## Exercise
Type out the lines below exactly, pictures excluded.

Annotated photo localization data:
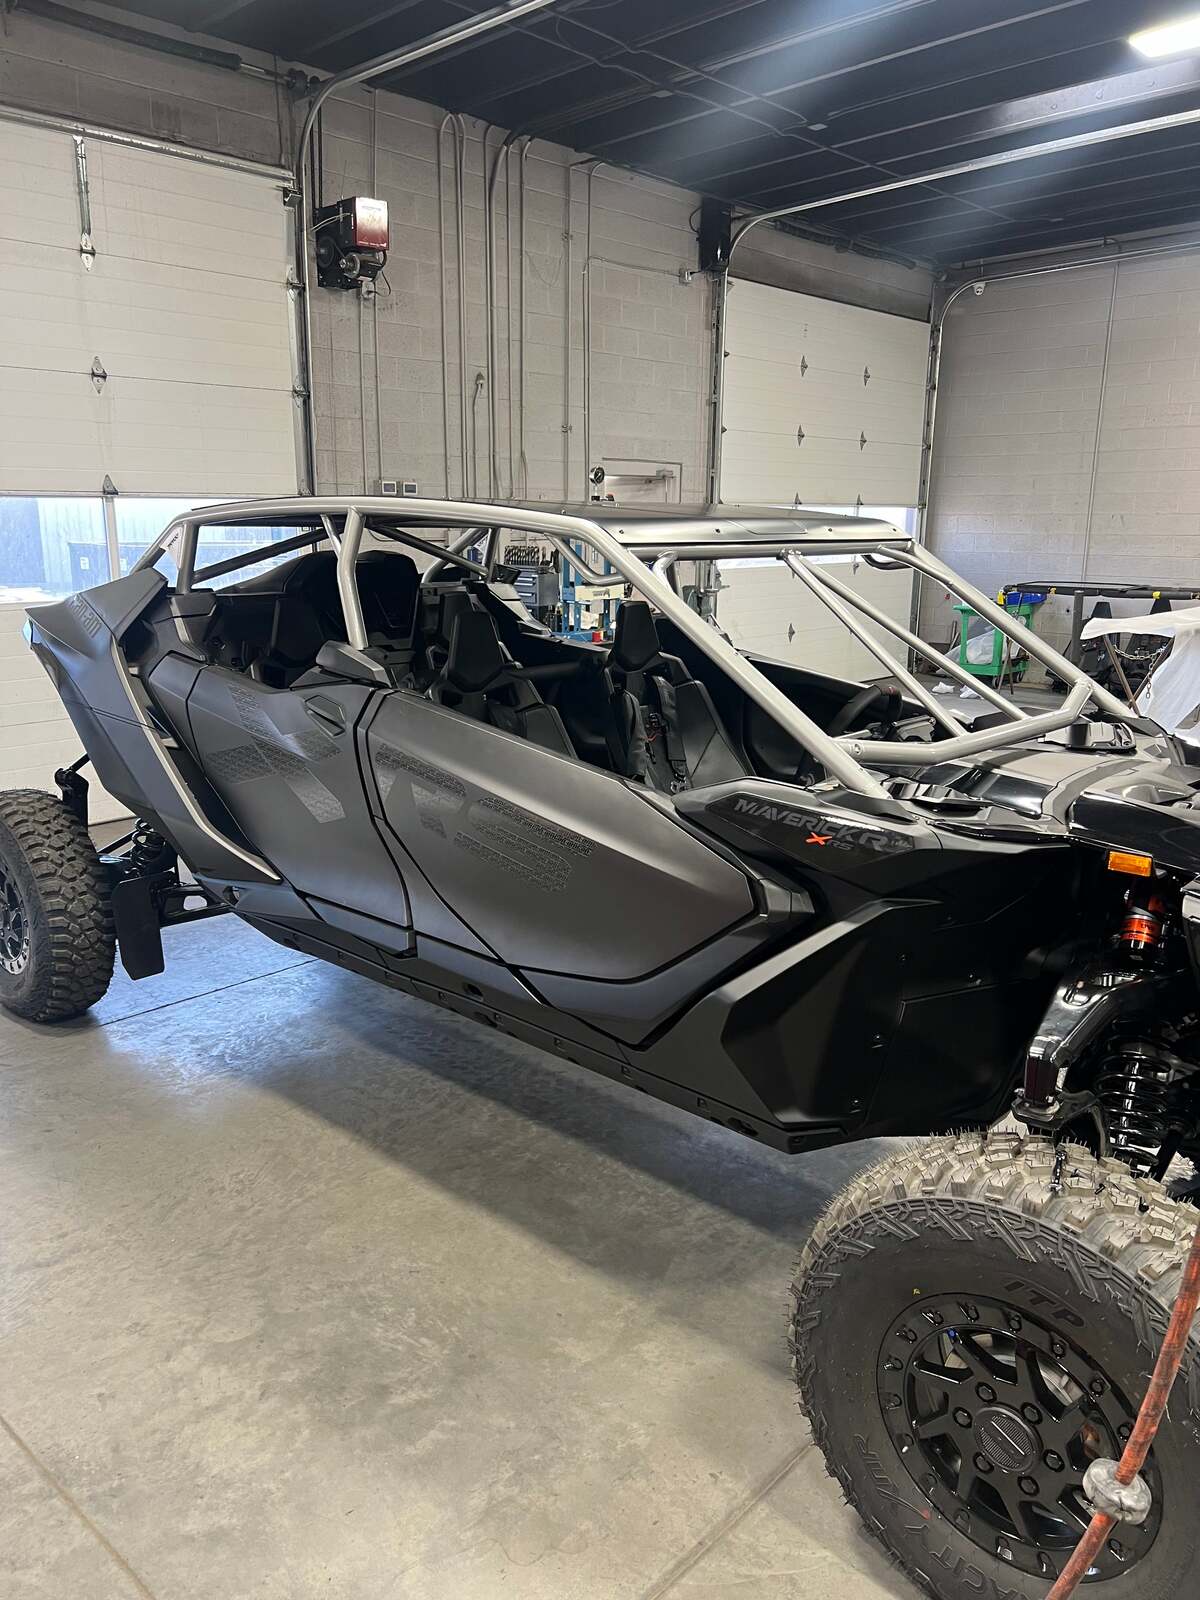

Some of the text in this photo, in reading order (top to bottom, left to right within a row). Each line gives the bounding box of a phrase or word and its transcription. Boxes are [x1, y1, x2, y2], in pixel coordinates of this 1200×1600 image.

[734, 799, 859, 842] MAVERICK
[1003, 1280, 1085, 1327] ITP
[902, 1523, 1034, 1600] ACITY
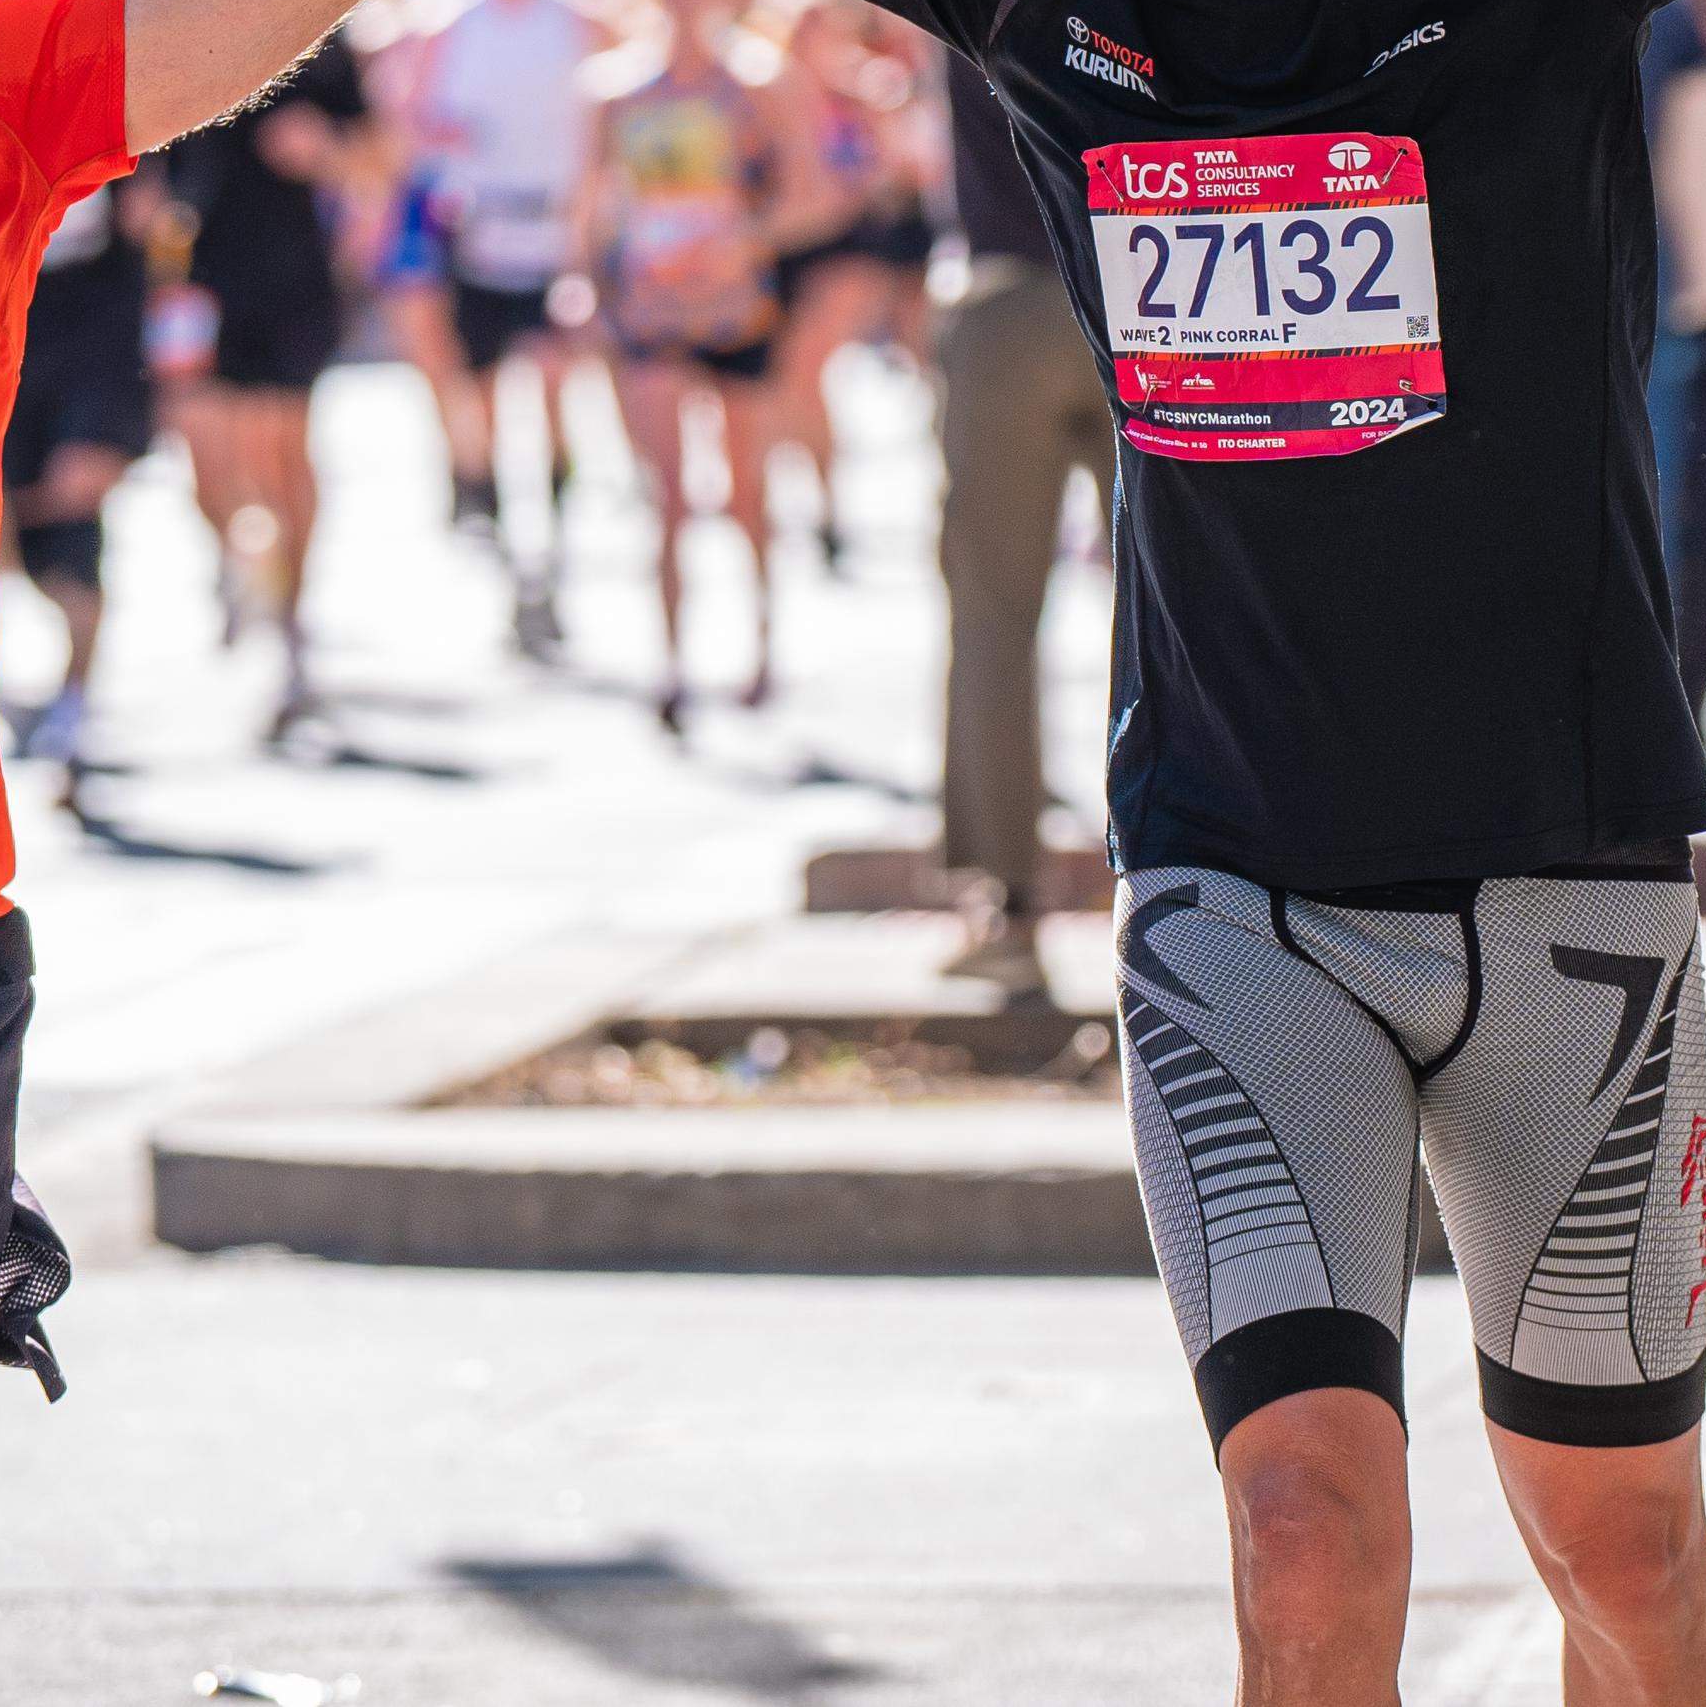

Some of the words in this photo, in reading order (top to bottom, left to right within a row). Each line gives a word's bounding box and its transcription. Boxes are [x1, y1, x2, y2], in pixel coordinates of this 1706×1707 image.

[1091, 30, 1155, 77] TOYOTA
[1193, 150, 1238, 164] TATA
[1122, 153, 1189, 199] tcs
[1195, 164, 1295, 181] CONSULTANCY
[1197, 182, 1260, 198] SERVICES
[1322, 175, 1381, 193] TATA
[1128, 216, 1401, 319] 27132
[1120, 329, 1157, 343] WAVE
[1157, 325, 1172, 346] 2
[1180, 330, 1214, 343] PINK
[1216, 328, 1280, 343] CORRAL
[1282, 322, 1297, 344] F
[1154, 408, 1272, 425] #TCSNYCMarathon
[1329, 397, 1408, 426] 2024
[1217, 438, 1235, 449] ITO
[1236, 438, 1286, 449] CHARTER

## Solution
Some of the text in this photo, in reading order (top to bottom, left to right within a row). Each line gives the bounding box of a phrase or word and its transcription. Boxes are [x1, y1, x2, y2], in pixel coordinates of this 1200×1600 image.

[734, 799, 859, 842] MAVERICK
[1003, 1280, 1085, 1327] ITP
[902, 1523, 1034, 1600] ACITY

Some of the words in this photo, in reading order (top to bottom, left to right within a row). Each line gives a word's bounding box and its transcription. Boxes are [x1, y1, x2, y2], in pixel coordinates of this 1706×1707 image.

[1091, 30, 1155, 77] TOYOTA
[1193, 150, 1238, 164] TATA
[1122, 153, 1189, 199] tcs
[1195, 164, 1295, 181] CONSULTANCY
[1197, 182, 1260, 198] SERVICES
[1322, 175, 1381, 193] TATA
[1128, 216, 1401, 319] 27132
[1120, 329, 1157, 343] WAVE
[1157, 325, 1172, 346] 2
[1180, 330, 1214, 343] PINK
[1216, 328, 1280, 343] CORRAL
[1282, 322, 1297, 344] F
[1154, 408, 1272, 425] #TCSNYCMarathon
[1329, 397, 1408, 426] 2024
[1217, 438, 1235, 449] ITO
[1236, 438, 1286, 449] CHARTER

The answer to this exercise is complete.